<<<<
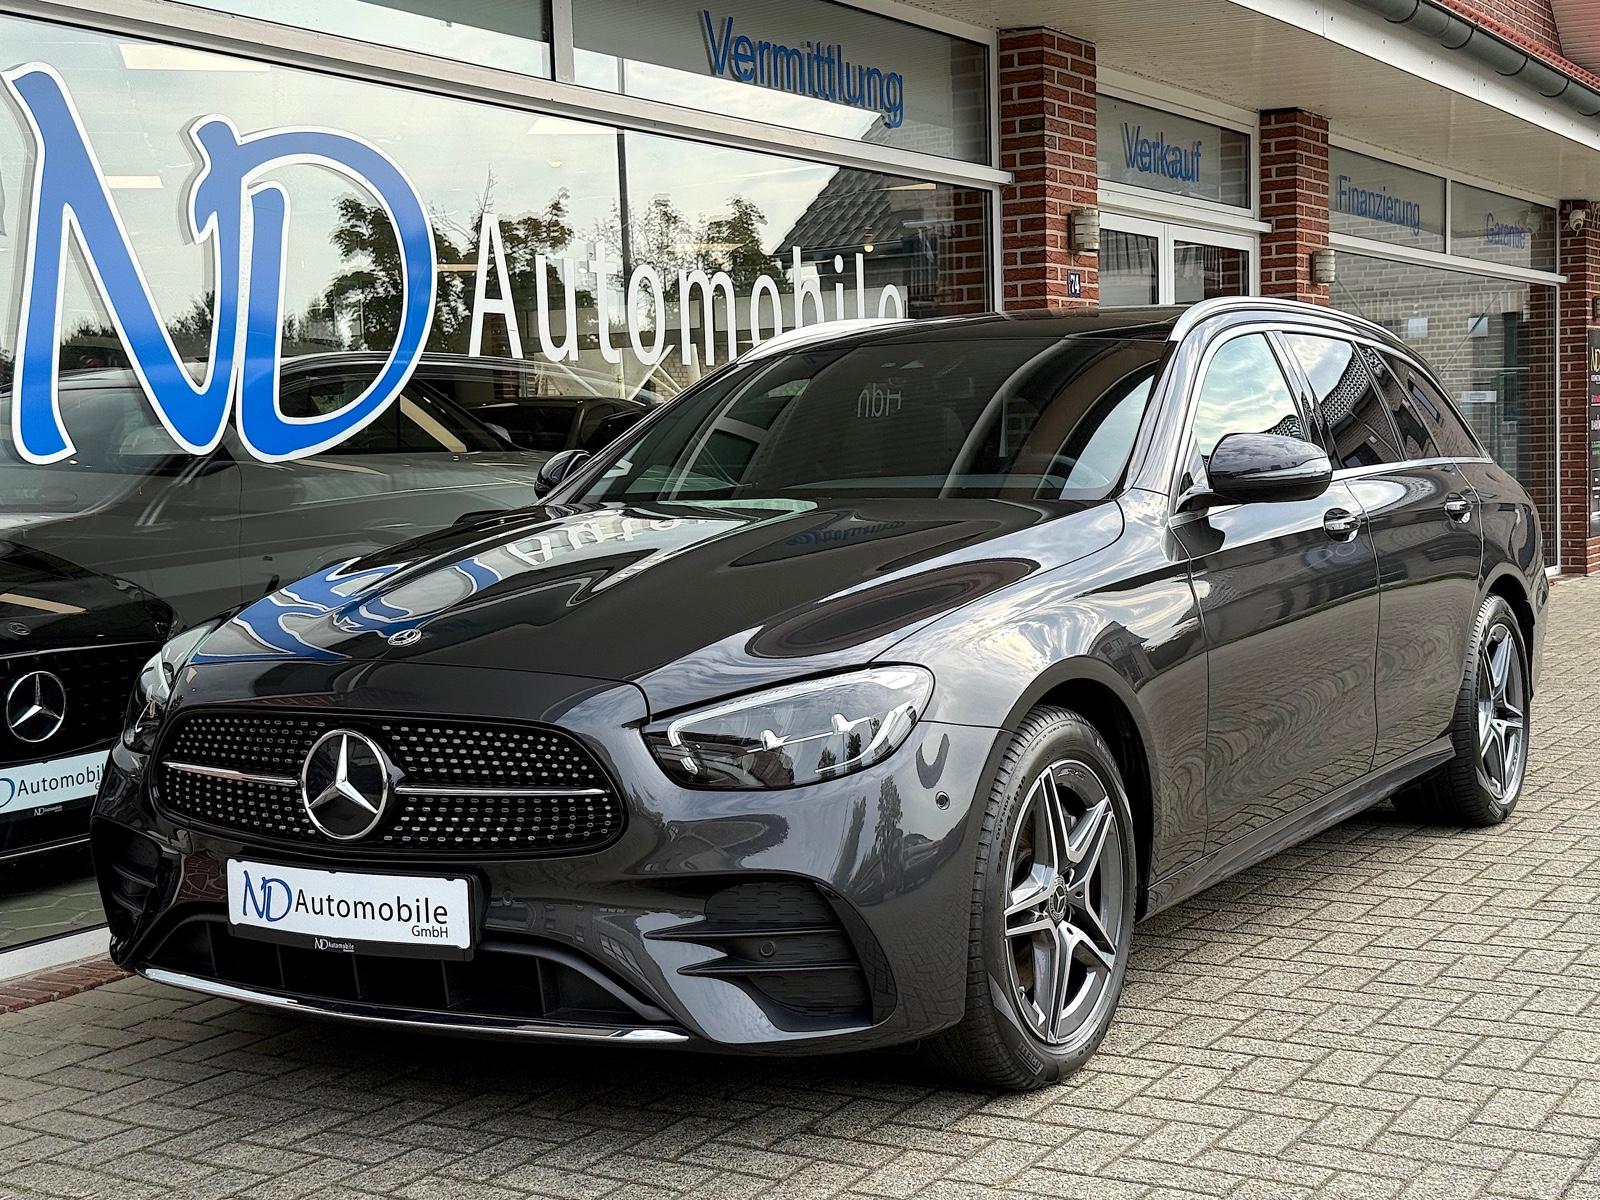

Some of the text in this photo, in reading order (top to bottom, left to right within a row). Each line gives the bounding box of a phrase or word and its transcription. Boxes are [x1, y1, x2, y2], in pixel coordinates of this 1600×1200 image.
>>>>
<<<<
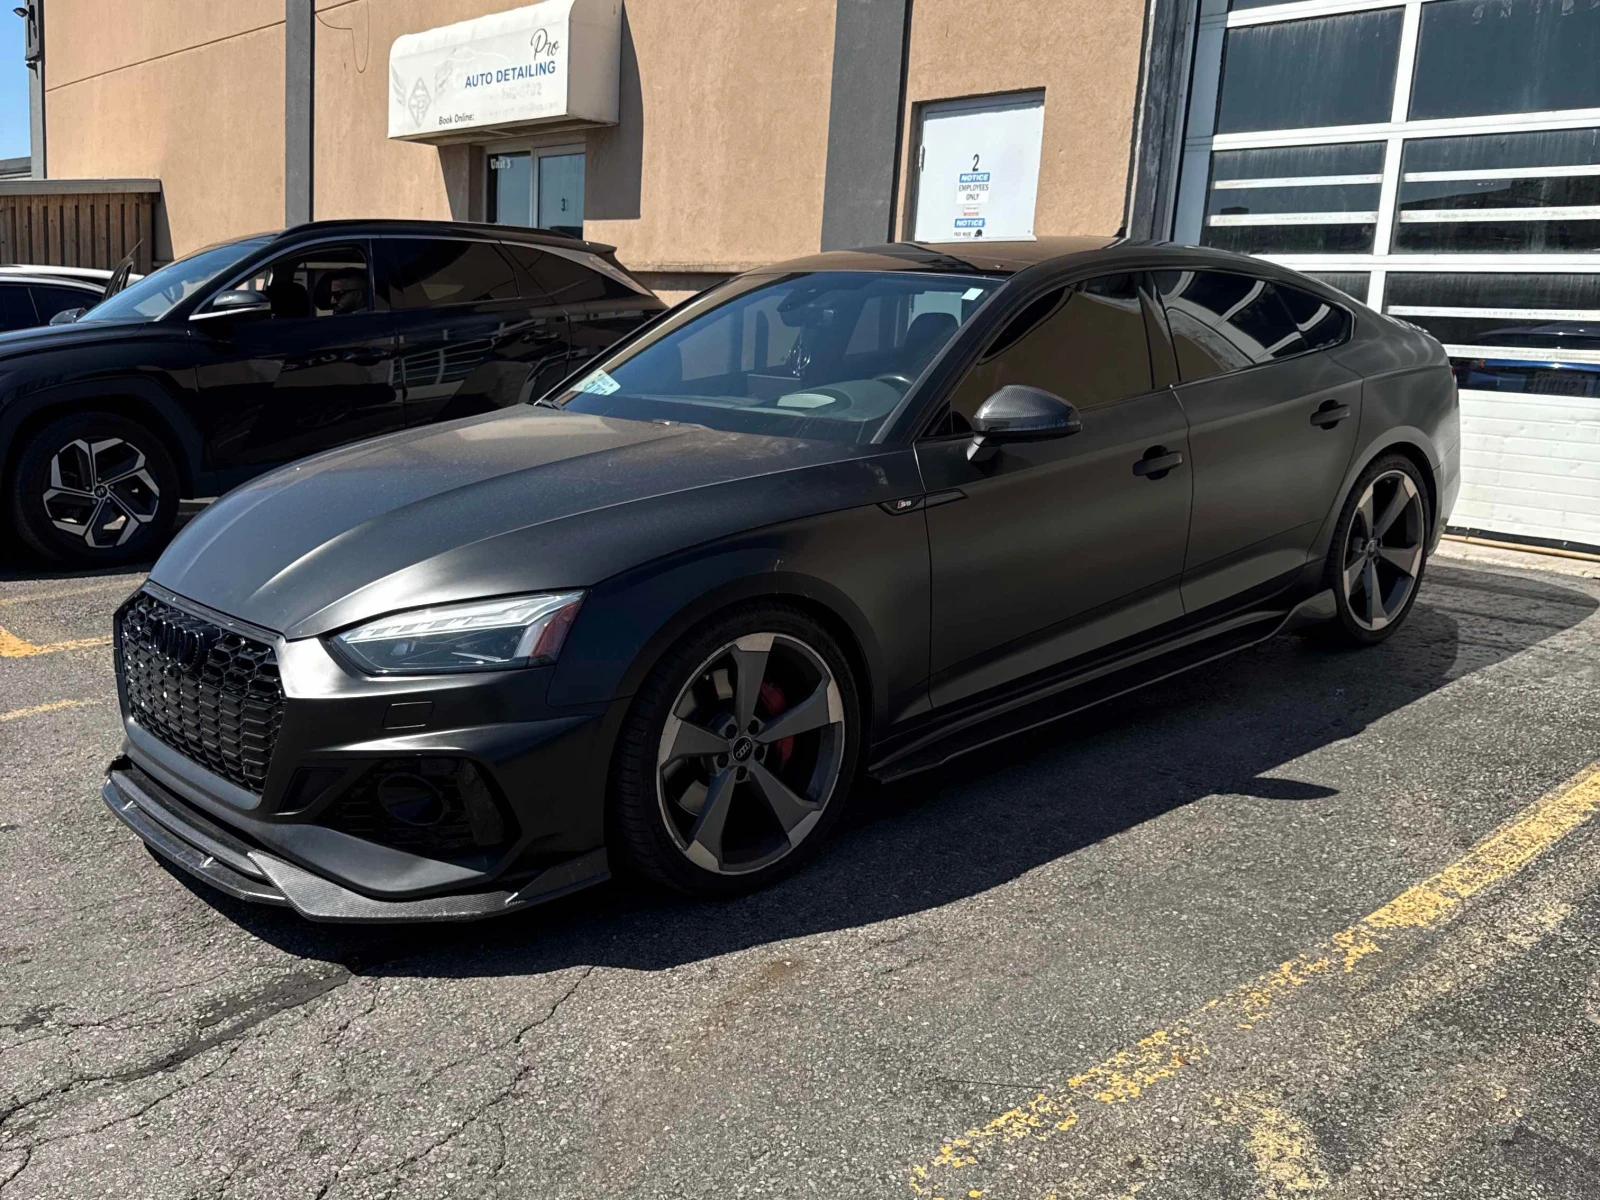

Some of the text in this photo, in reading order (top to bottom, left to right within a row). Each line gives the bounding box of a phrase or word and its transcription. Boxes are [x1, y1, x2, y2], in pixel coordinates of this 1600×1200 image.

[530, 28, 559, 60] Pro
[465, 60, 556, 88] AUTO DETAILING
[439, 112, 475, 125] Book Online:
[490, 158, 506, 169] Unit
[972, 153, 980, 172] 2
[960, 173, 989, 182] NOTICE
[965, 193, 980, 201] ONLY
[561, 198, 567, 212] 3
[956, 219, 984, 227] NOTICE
>>>>
<<<<
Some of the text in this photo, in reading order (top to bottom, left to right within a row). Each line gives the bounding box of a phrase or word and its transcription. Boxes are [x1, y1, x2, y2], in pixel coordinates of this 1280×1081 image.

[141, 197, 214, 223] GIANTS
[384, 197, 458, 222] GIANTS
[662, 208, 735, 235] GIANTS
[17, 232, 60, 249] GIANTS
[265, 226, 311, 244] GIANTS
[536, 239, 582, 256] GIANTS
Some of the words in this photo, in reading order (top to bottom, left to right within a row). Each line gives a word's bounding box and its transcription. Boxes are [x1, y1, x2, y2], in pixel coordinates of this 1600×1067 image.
>>>>
## TASK INSTRUCTIONS
The range runs from the line with "this 1280×1081 image." up to and including the line with "Some of the words" in the listing above; please write out exactly those lines and nothing more.

## OUTPUT FOR THIS EXERCISE
Some of the text in this photo, in reading order (top to bottom, left to right within a row). Each line gives the bounding box of a phrase or word and its transcription. Boxes are [x1, y1, x2, y2], in pixel coordinates of this 1280×1081 image.

[141, 197, 214, 223] GIANTS
[384, 197, 458, 222] GIANTS
[662, 208, 735, 235] GIANTS
[17, 232, 60, 249] GIANTS
[265, 226, 311, 244] GIANTS
[536, 239, 582, 256] GIANTS
Some of the words in this photo, in reading order (top to bottom, left to right within a row). Each line gives a word's bounding box and its transcription. Boxes are [x1, y1, x2, y2], in pixel coordinates of this 1600×1067 image.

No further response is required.